Omit all pictures, then repeat the listing exactly.

§ **DATA TO EXAMINE**
□ □ □ □ □

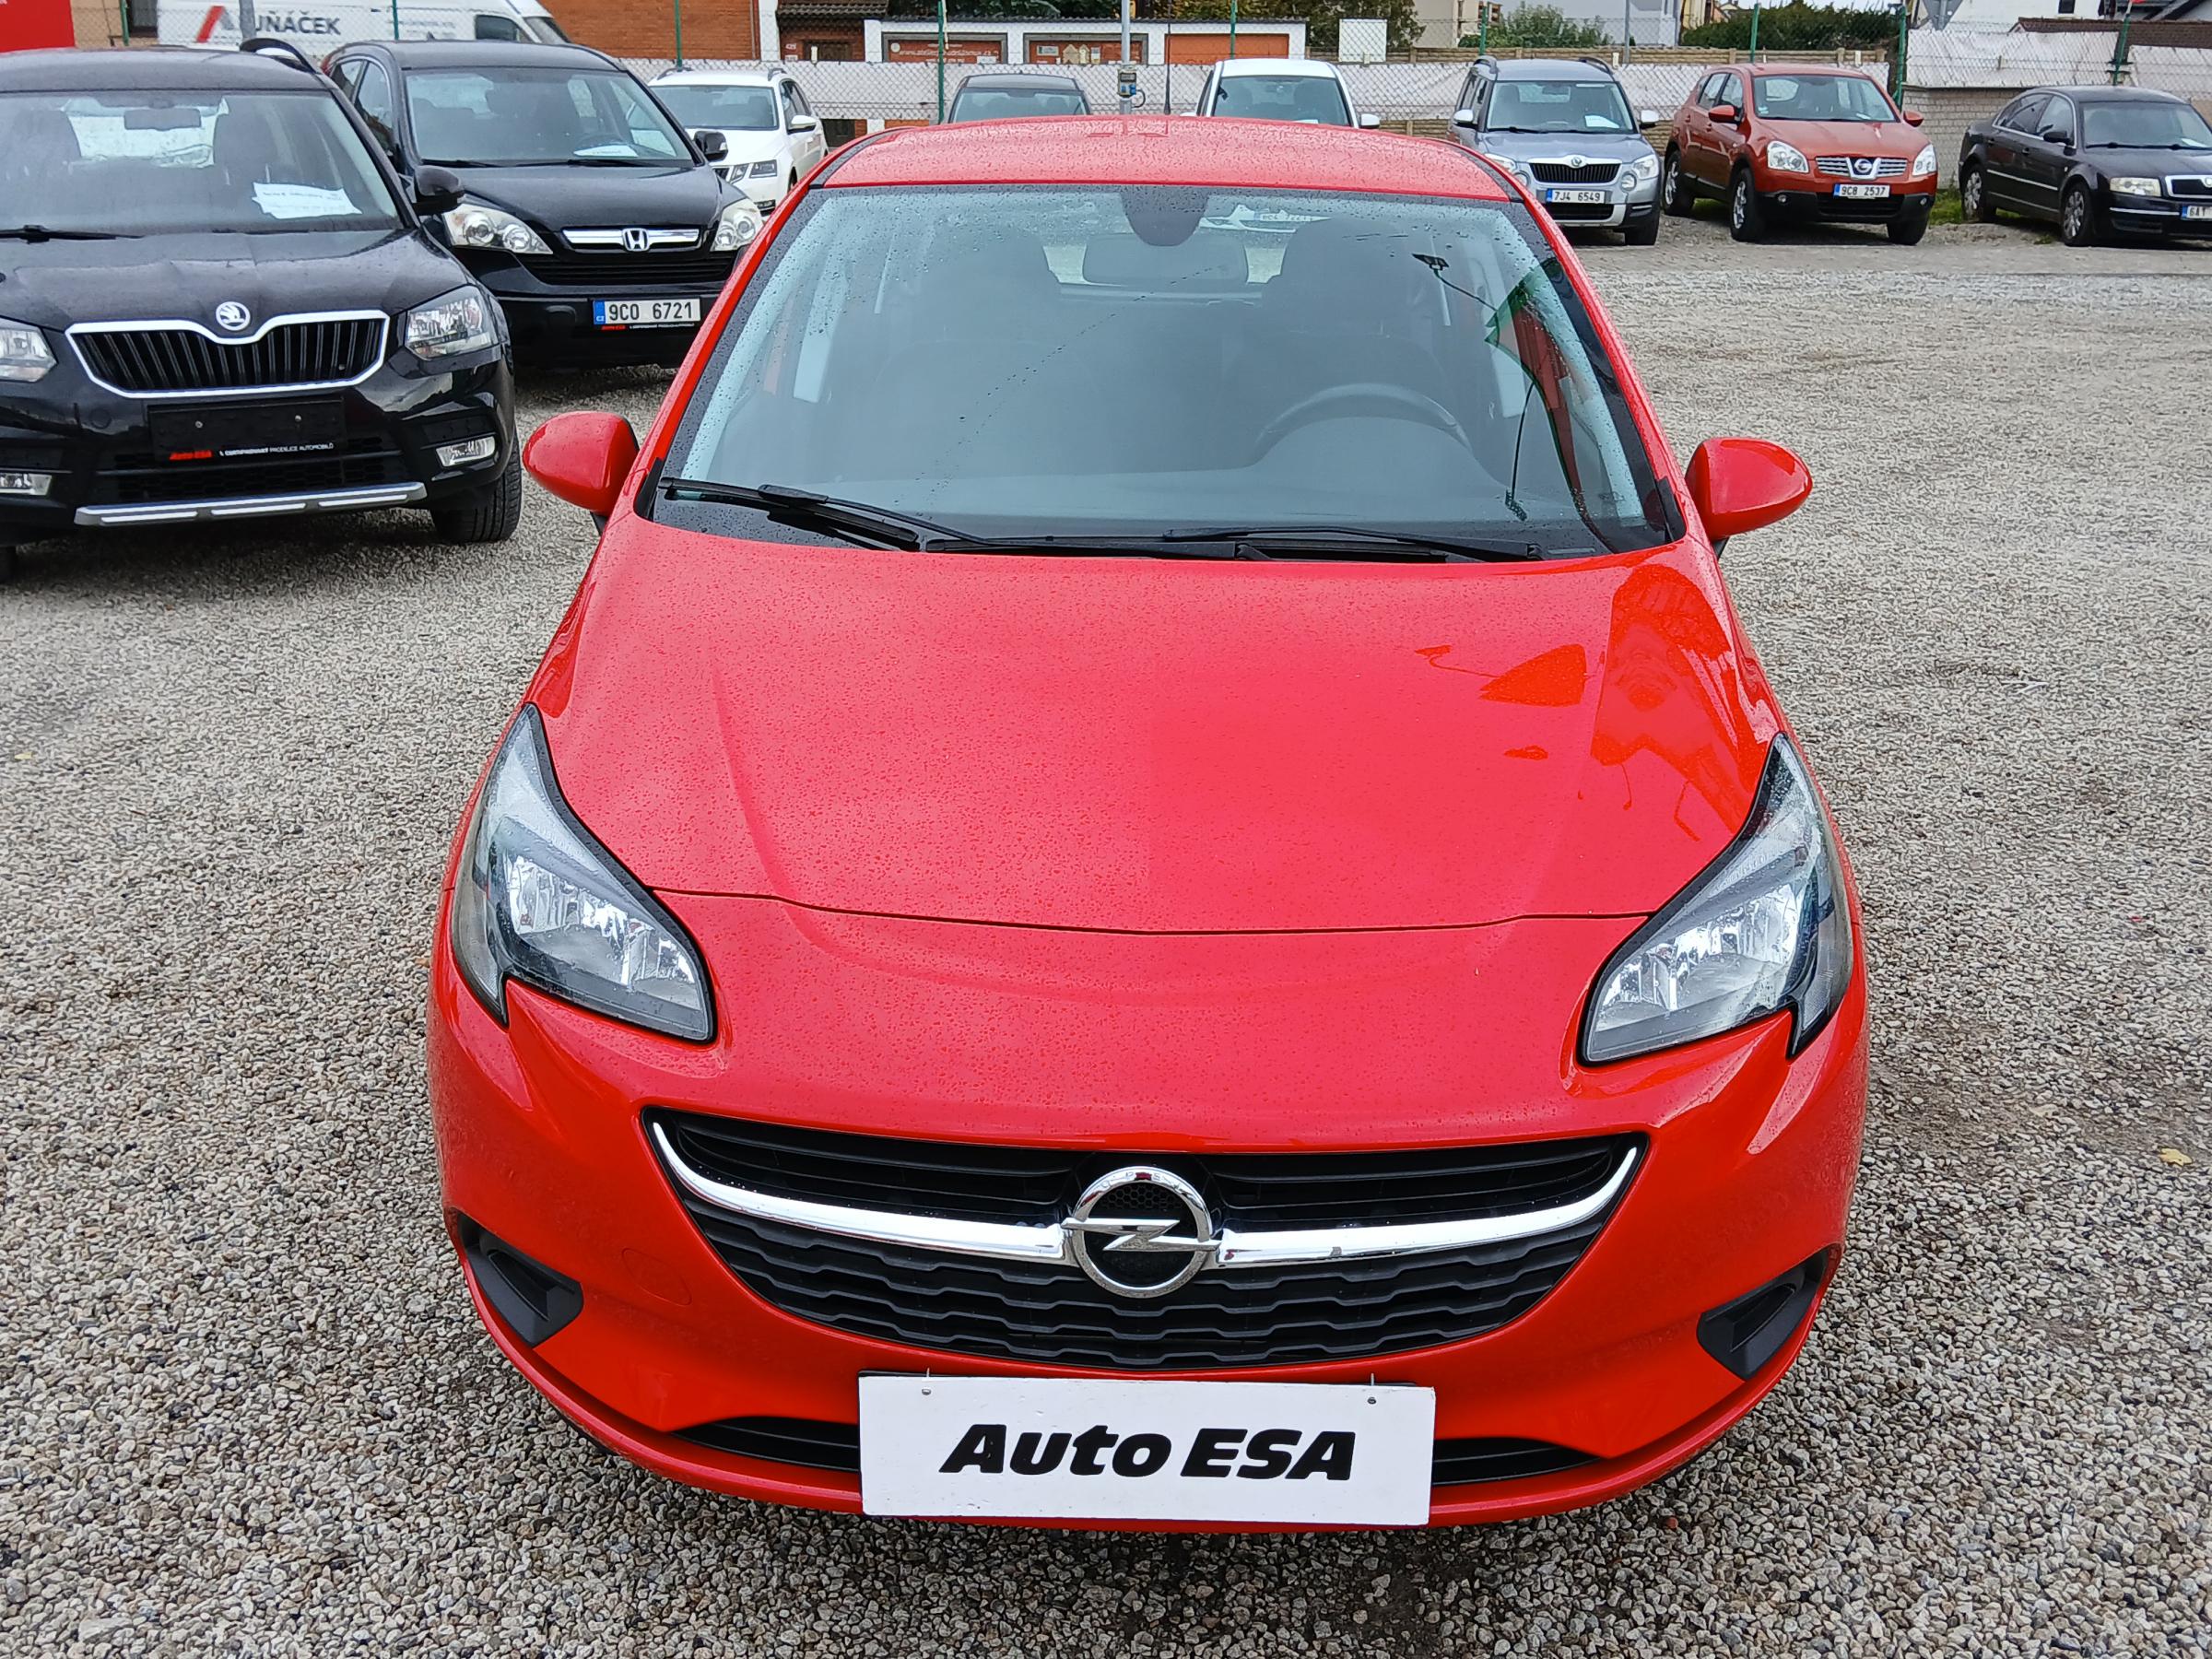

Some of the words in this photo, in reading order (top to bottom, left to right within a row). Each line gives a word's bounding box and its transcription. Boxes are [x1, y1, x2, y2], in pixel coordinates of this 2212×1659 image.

[1555, 191, 1571, 201] 7J4
[1577, 192, 1601, 202] 6549
[1841, 186, 1858, 195] 9C8
[1864, 186, 1886, 196] 2537
[609, 303, 640, 321] 9C0
[653, 302, 691, 319] 6721
[938, 1424, 1172, 1477] Auto
[1180, 1427, 1357, 1481] ESA
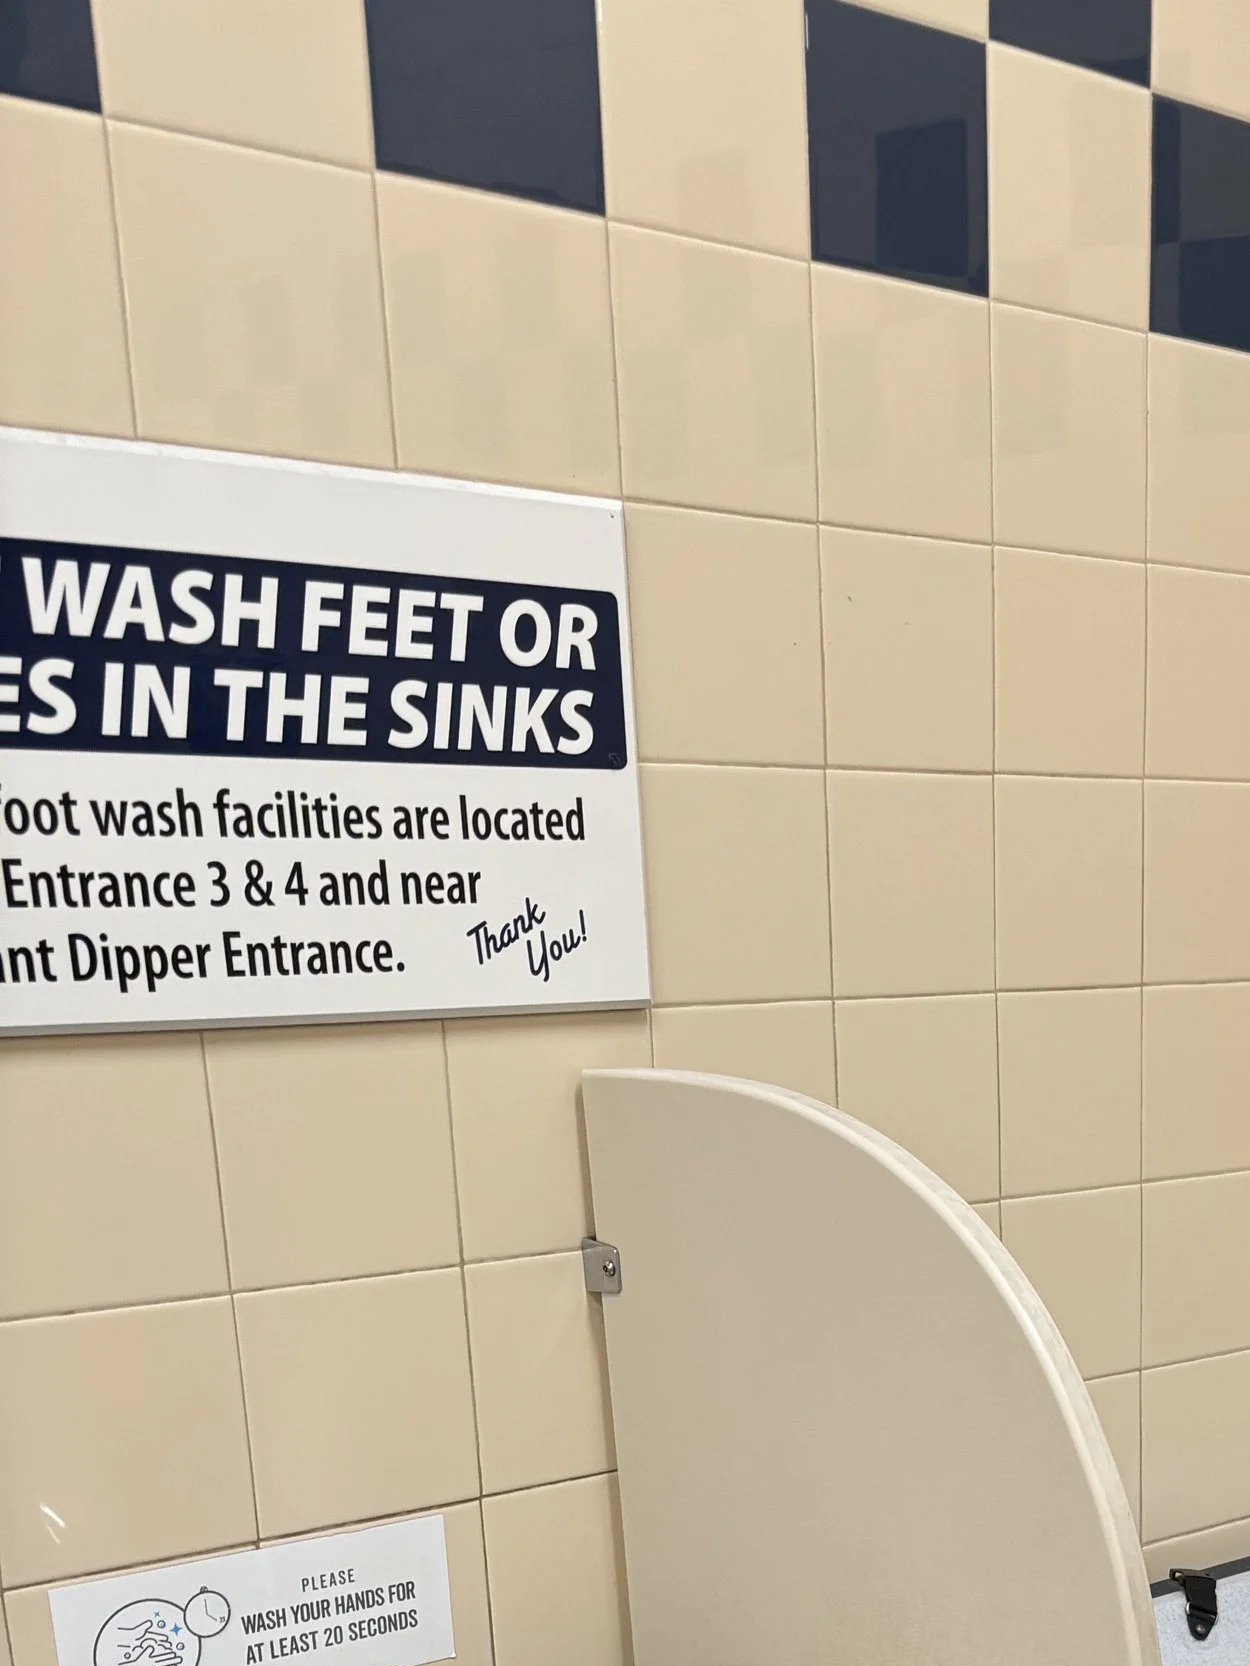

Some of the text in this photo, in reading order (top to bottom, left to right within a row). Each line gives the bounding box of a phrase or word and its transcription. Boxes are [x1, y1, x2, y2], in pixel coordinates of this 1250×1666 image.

[21, 556, 598, 670] WASH FEET OR
[101, 662, 191, 739] IN
[214, 668, 370, 746] THE
[387, 679, 594, 755] SINKS
[0, 784, 585, 841] oot wash facilities are located
[1, 858, 481, 908] Entrance 3 & 4 and near
[466, 897, 546, 965] Thank
[527, 909, 587, 982] You!
[0, 931, 405, 993] nt Dipper Entrance.
[241, 1580, 416, 1635] WASH YOUR HANDS FOR
[301, 1568, 355, 1593] PLEASE
[246, 1608, 419, 1665] AT LEAST 20 SECONDS

□ □ □ □ □

§ **SOLVED PROBLEM**
Some of the words in this photo, in reading order (top to bottom, left to right within a row). Each line gives a word's bounding box and its transcription. Boxes are [x1, y1, x2, y2], in pixel coordinates of this 2212×1659 image.

[1555, 191, 1571, 201] 7J4
[1577, 192, 1601, 202] 6549
[1841, 186, 1858, 195] 9C8
[1864, 186, 1886, 196] 2537
[609, 303, 640, 321] 9C0
[653, 302, 691, 319] 6721
[938, 1424, 1172, 1477] Auto
[1180, 1427, 1357, 1481] ESA

Some of the text in this photo, in reading order (top to bottom, left to right within a row). Each line gives the bounding box of a phrase or word and its transcription. Boxes are [x1, y1, x2, y2], in pixel coordinates of this 1250×1666 image.

[21, 556, 598, 670] WASH FEET OR
[101, 662, 191, 739] IN
[214, 668, 370, 746] THE
[387, 679, 594, 755] SINKS
[0, 784, 585, 841] oot wash facilities are located
[1, 858, 481, 908] Entrance 3 & 4 and near
[466, 897, 546, 965] Thank
[527, 909, 587, 982] You!
[0, 931, 405, 993] nt Dipper Entrance.
[241, 1580, 416, 1635] WASH YOUR HANDS FOR
[301, 1568, 355, 1593] PLEASE
[246, 1608, 419, 1665] AT LEAST 20 SECONDS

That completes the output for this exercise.